Elsevier

ISA Transactions

Volume 93, October 2019, Pages 341-353
ISA Transactions

Practice article
Learning transferable features in deep convolutional neural networks for diagnosing unseen machine conditions

https://doi.org/10.1016/j.isatra.2019.03.017Get rights and content

Highlights

  • A deep transfer learning framework for diagnosing unseen faults in target applications.

  • Exploring the feature transferability in disparate levels of the pre-trained model.

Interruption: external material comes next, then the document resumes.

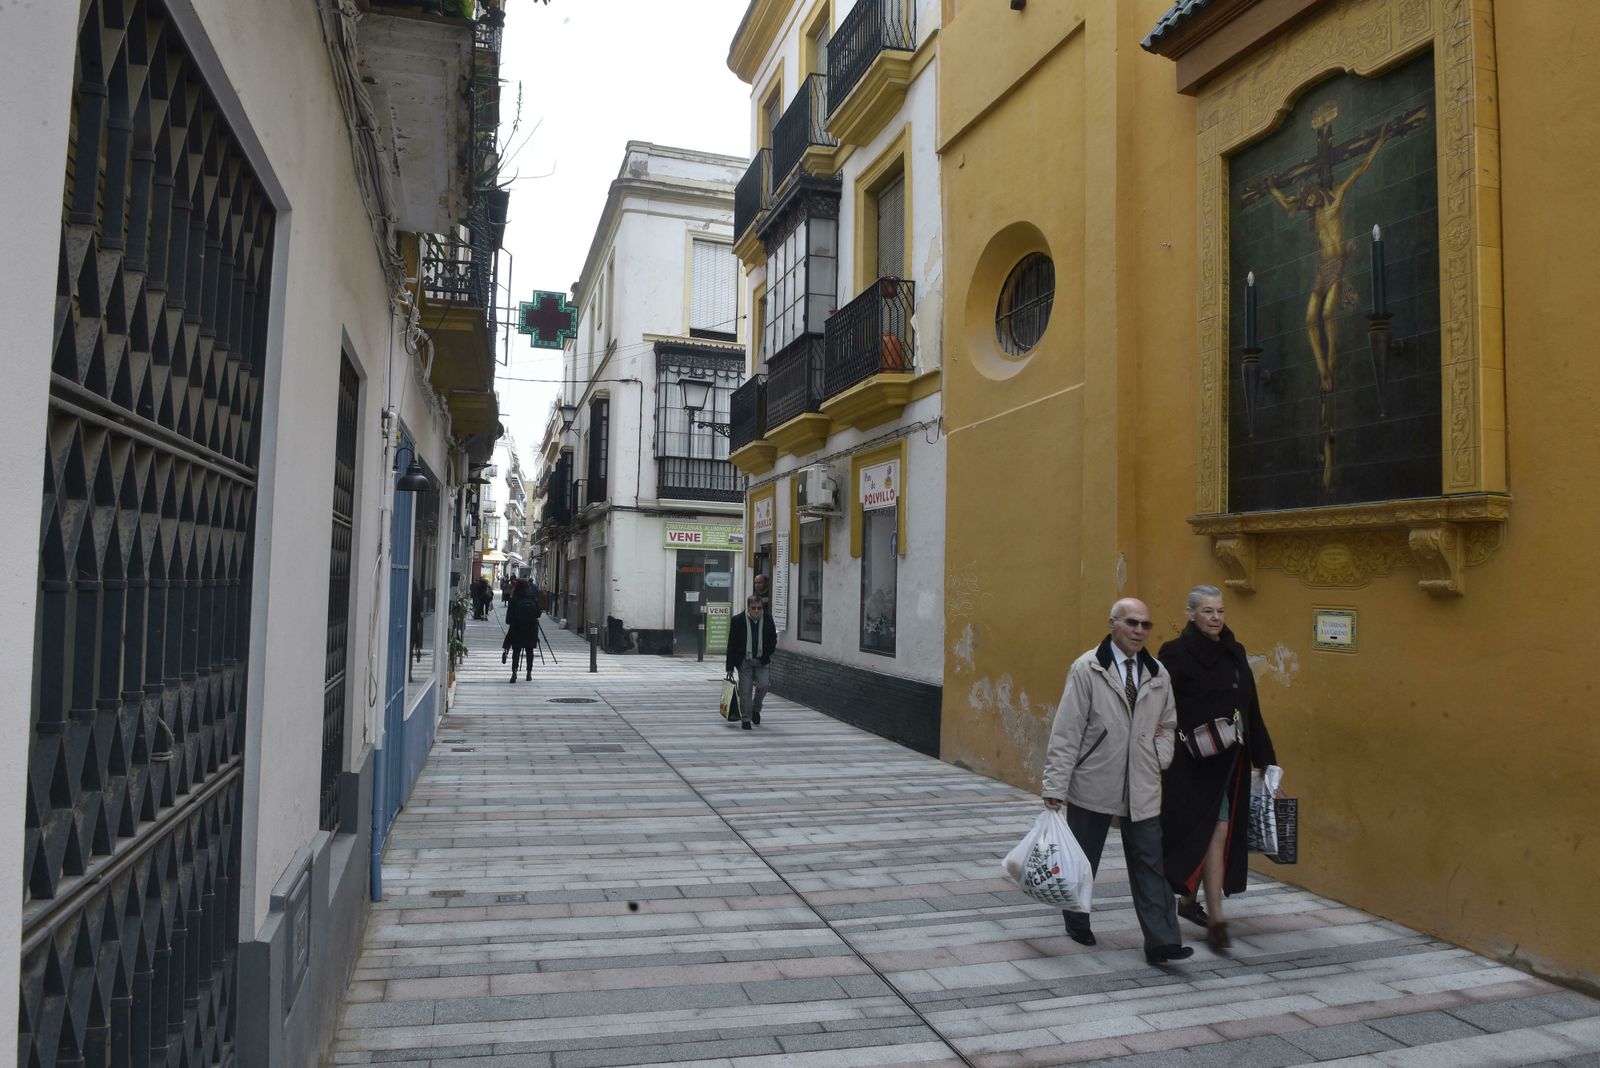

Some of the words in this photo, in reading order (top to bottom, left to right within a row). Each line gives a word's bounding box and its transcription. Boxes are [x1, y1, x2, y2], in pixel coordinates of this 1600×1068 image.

[864, 488, 895, 505] POLVILLO
[669, 532, 701, 542] VENE
[1287, 800, 1296, 862] EXPERIENCE

  • Enables to build and train a large network efficiently with limited data for new tasks.

Abstract

Recent years have witnessed increasing popularity and development of deep learning spanning through various fields. Deep networks, and in particular convolutional neural network (CNN) have also achieved many state-of-the-art competition results in the intelligent fault diagnosis of mechanical systems. However, most of the existing studies have been performed with the assumption that the same distribution holds for both the training data and the test data, which is not in accord with situations in real diagnosis tasks. To tackle this problem, a transfer learning framework based on pre-trained CNN, which leverages the knowledge learned from the training data to facilitate diagnosing a new but similar task, is presented in this work. First, the CNN is trained on large datasets to learn the hierarchical features from the raw data. Then, the architecture and weights of the pre-trained CNN are transferred to new tasks with proper fine-tuning instead of training a network from scratch. To adapt the pre-trained CNN in a specific case, three transfer learning strategies are discussed and compared to investigate the applicability as well as the significance of feature transferability from the different levels of a deep structure. The case studies show that the proposed framework can transfer the features of the pre-trained CNN to boost the diagnosis performance on unseen machine conditions in terms of diverse working conditions and fault types.

Introduction

The condition-based maintenance (CBM) strategy has received great attention in modern industries, with its prominent advantages of availability, sustainability, safety, and reliability. Unlike breakdown maintenance and time-based maintenance, CBM aims to schedule the maintenance time and planning depending on the actual running state of the equipment. As the process of making a decision on machine conditions is based on appropriate analyses of the monitoring data, diagnostics are the core blocks of CBM [1]. Essentially, machine diagnostics can be formulated as a pattern classification and recognition problem [2].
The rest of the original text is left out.